An international leader in lung cancer clinical trials research with particular expertise in drug development for thoracic malignancies and immunotherapy, Dr. Julie R. Brahmer currently serves as director of the Thoracic Oncology Program and professor of oncology at the Sidney Kimmel Comprehensive Cancer Center at the Johns Hopkins School of Medicine in Baltimore, Maryland, as well as director of the Johns Hopkins Kimmel Cancer Center at Bayview. In addition, she serves as co-principal investigator (PI) on the Johns Hopkins’ NCI National Clinical Trials Network (NCTN) Program grant, and helps direct all oncology cooperative group activities on the Johns Hopkins campuses.
Dr Brahmer's research and clinical practice focus on the development of new therapies for the treatment and prevention of lung cancer and mesothelioma. Dr Brahmer has published several papers in this area of research and is a member of the American Society of Clinical Oncology and the Eastern Cooperative Oncology Group Thoracic Committee and Cancer Prevention Steering Committee. She is one of the founding board members for the National Lung Cancer Partnership, now known as Free to Breathe, where she is a member of the Scientific Executive Committee. She is also on the medical advisory board of the Lung Cancer Research Foundation and LUNGevity.

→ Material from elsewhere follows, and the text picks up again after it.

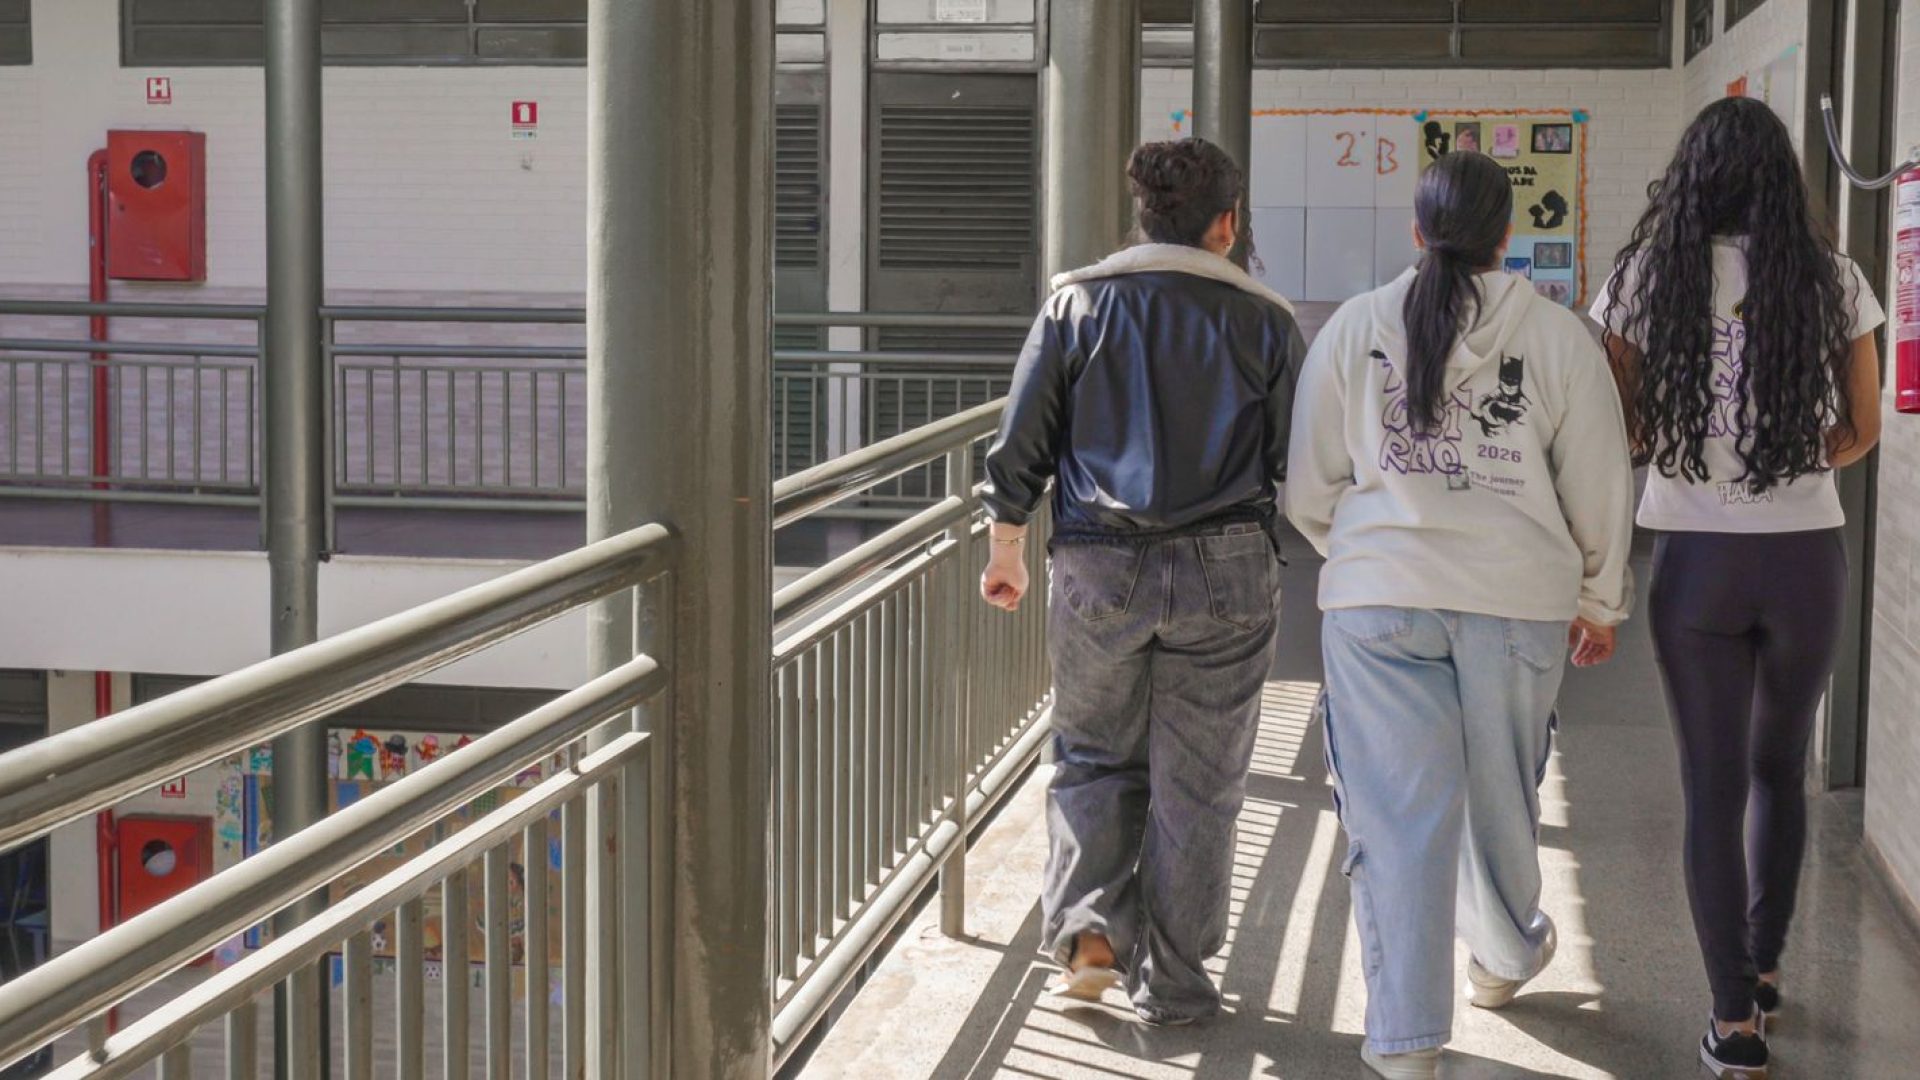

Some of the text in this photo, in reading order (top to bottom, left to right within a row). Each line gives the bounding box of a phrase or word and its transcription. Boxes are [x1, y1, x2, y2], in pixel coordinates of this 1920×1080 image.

Dr Brahmer was the 2012 recipient of the American Society of Clinical Oncology Statesman Award for her volunteer efforts to the society. In the summer of 2014, she was featured in MORE magazine for her cutting-edge research in the groundbreaking field of cancer immunotherapy. As a result of her work, she was named the March 2015 LUNGevity Hero.
Dr Brahmer has been intimately involved in the development of anti-PD-1 antibodies as PI of several early phase I studies of these antibodies and phase III studies in lung cancer. These trials led to the FDA approval of the first immunotherapy option in lung cancer, nivolumab, and pembrolizumab for first-line treatment in advanced PD-L1 TPS > 50% NSCLC. Dr Brahmer is committed to the research and development of effective immune-based therapies in the treatment of lung cancer and other cancers such as mesothelioma.
She received her medical degree from the University of Nebraska Medical Center College of Medicine, completed her residency at the University of Utah, and completed her oncology fellowship at Johns Hopkins.